> Directions: Leave the pictures out and repeat the rest of the data below exactly.

> Data excerpts:
----------------------------------------

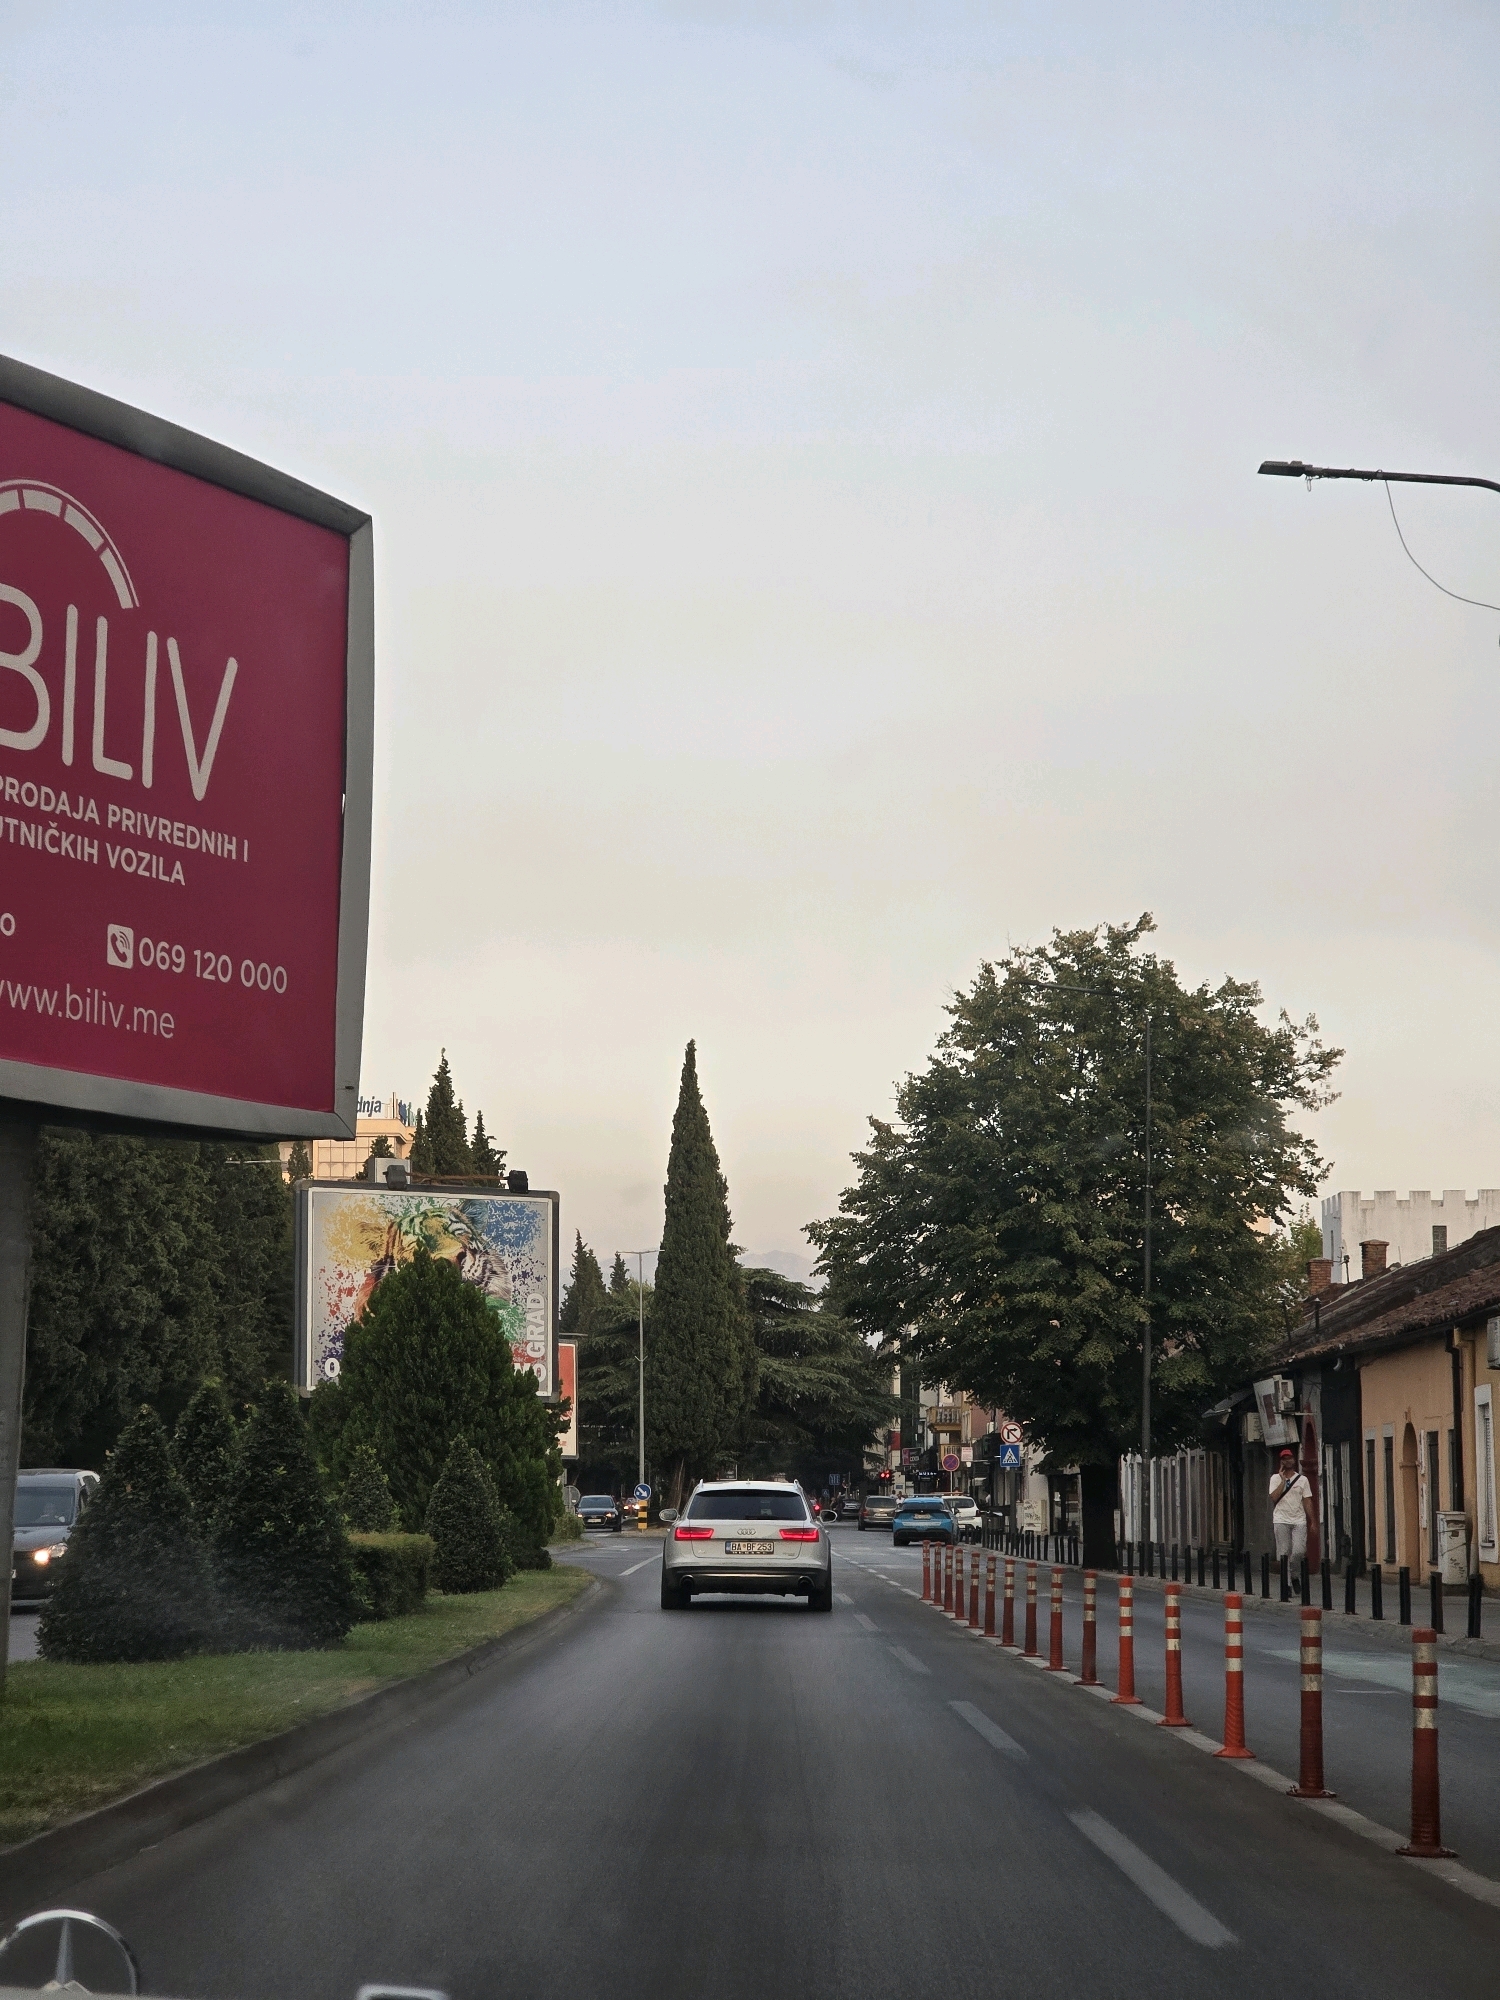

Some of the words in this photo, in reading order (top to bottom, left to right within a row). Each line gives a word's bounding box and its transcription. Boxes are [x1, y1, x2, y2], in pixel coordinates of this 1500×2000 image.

[0, 582, 238, 801] BILIV
[107, 803, 237, 860] PRIVREDNIH
[243, 839, 249, 862] I
[105, 842, 186, 886] VOZILA
[138, 936, 186, 973] 069
[193, 949, 233, 983] 120
[240, 959, 288, 994] 000
[0, 980, 175, 1039] ww.biliv.me
[526, 1293, 546, 1358] GRAD
[731, 1542, 742, 1551] BA

----------------------------------------

> Solution:
Some of the words in this photo, in reading order (top to bottom, left to right within a row). Each line gives a word's bounding box and its transcription. Boxes are [x1, y1, x2, y2], in pixel coordinates of this 1500×2000 image.

[0, 582, 238, 801] BILIV
[107, 803, 237, 860] PRIVREDNIH
[243, 839, 249, 862] I
[105, 842, 186, 886] VOZILA
[138, 936, 186, 973] 069
[193, 949, 233, 983] 120
[240, 959, 288, 994] 000
[0, 980, 175, 1039] ww.biliv.me
[526, 1293, 546, 1358] GRAD
[731, 1542, 742, 1551] BA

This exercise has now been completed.